Records drawn from a dataset:
● ● ● ● ● ● ●
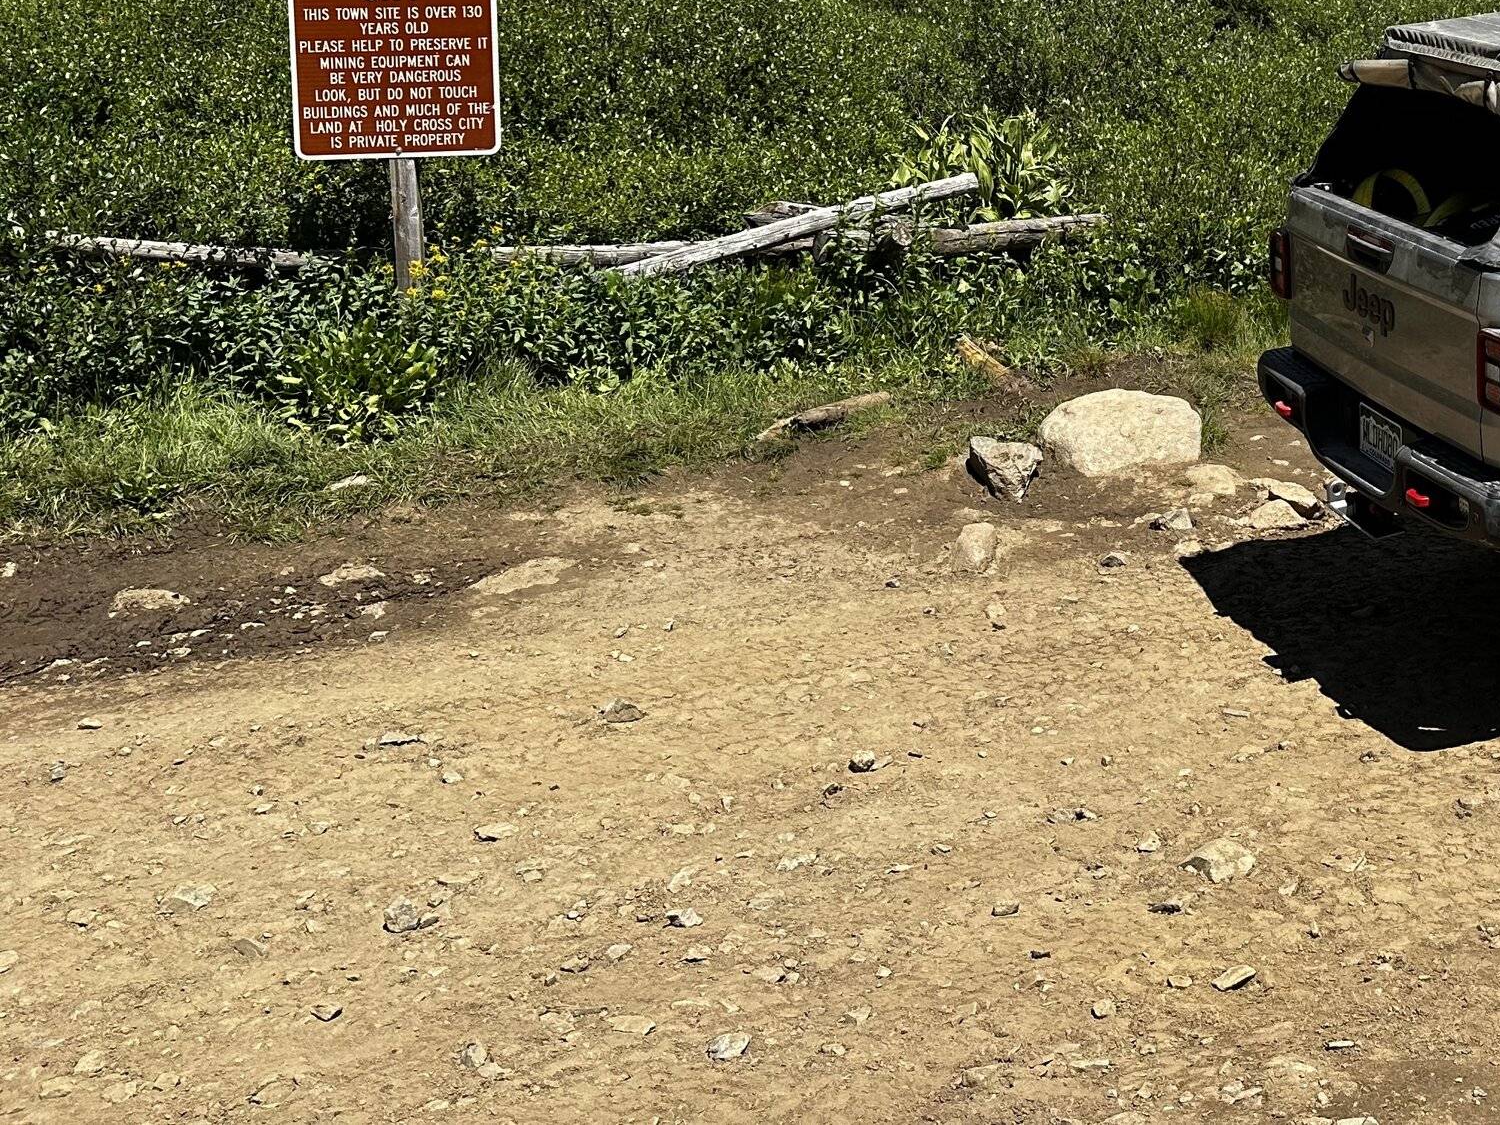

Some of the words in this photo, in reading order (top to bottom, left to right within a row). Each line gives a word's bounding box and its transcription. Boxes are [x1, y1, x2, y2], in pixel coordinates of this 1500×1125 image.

[304, 8, 329, 20] THIS
[336, 7, 368, 20] TOWN
[375, 7, 400, 19] SITE
[408, 7, 418, 19] IS
[426, 6, 456, 18] OVER
[462, 5, 482, 17] 130
[360, 22, 399, 35] YEARS
[405, 22, 428, 34] OLD
[300, 40, 345, 53] PLEASE
[352, 40, 383, 51] HELP
[389, 39, 403, 51] TO
[410, 38, 471, 51] PRESERVE
[478, 37, 488, 49] IT
[320, 57, 364, 69] MINING
[371, 55, 440, 68] EQUIPMENT
[446, 54, 470, 66] CAN
[330, 72, 346, 84] BE
[352, 71, 382, 83] VERY
[390, 69, 461, 83] DANGEROUS
[316, 89, 351, 103] LOOK,
[358, 88, 380, 101] BUT
[388, 88, 403, 100] DO
[410, 87, 432, 99] NOT
[438, 86, 477, 98] TOUCH
[304, 105, 368, 119] BUILDINGS
[374, 105, 399, 117] AND
[406, 104, 440, 116] MUCH
[447, 103, 462, 115] OF
[468, 103, 490, 114] THE
[310, 121, 342, 134] LAND
[349, 121, 362, 133] AT
[376, 119, 407, 132] HOLY
[414, 118, 452, 131] CROSS
[459, 117, 484, 129] CITY
[331, 136, 342, 148] IS
[349, 135, 398, 148] PRIVATE
[405, 133, 465, 146] PROPERTY
[1343, 274, 1395, 337] Jeep
● ● ● ● ● ● ●
■ **What is being asked**: Verbatim copy, images excluded: transcribe all the entries above.

■ **Task output**:
Some of the words in this photo, in reading order (top to bottom, left to right within a row). Each line gives a word's bounding box and its transcription. Boxes are [x1, y1, x2, y2], in pixel coordinates of this 1500×1125 image.

[304, 8, 329, 20] THIS
[336, 7, 368, 20] TOWN
[375, 7, 400, 19] SITE
[408, 7, 418, 19] IS
[426, 6, 456, 18] OVER
[462, 5, 482, 17] 130
[360, 22, 399, 35] YEARS
[405, 22, 428, 34] OLD
[300, 40, 345, 53] PLEASE
[352, 40, 383, 51] HELP
[389, 39, 403, 51] TO
[410, 38, 471, 51] PRESERVE
[478, 37, 488, 49] IT
[320, 57, 364, 69] MINING
[371, 55, 440, 68] EQUIPMENT
[446, 54, 470, 66] CAN
[330, 72, 346, 84] BE
[352, 71, 382, 83] VERY
[390, 69, 461, 83] DANGEROUS
[316, 89, 351, 103] LOOK,
[358, 88, 380, 101] BUT
[388, 88, 403, 100] DO
[410, 87, 432, 99] NOT
[438, 86, 477, 98] TOUCH
[304, 105, 368, 119] BUILDINGS
[374, 105, 399, 117] AND
[406, 104, 440, 116] MUCH
[447, 103, 462, 115] OF
[468, 103, 490, 114] THE
[310, 121, 342, 134] LAND
[349, 121, 362, 133] AT
[376, 119, 407, 132] HOLY
[414, 118, 452, 131] CROSS
[459, 117, 484, 129] CITY
[331, 136, 342, 148] IS
[349, 135, 398, 148] PRIVATE
[405, 133, 465, 146] PROPERTY
[1343, 274, 1395, 337] Jeep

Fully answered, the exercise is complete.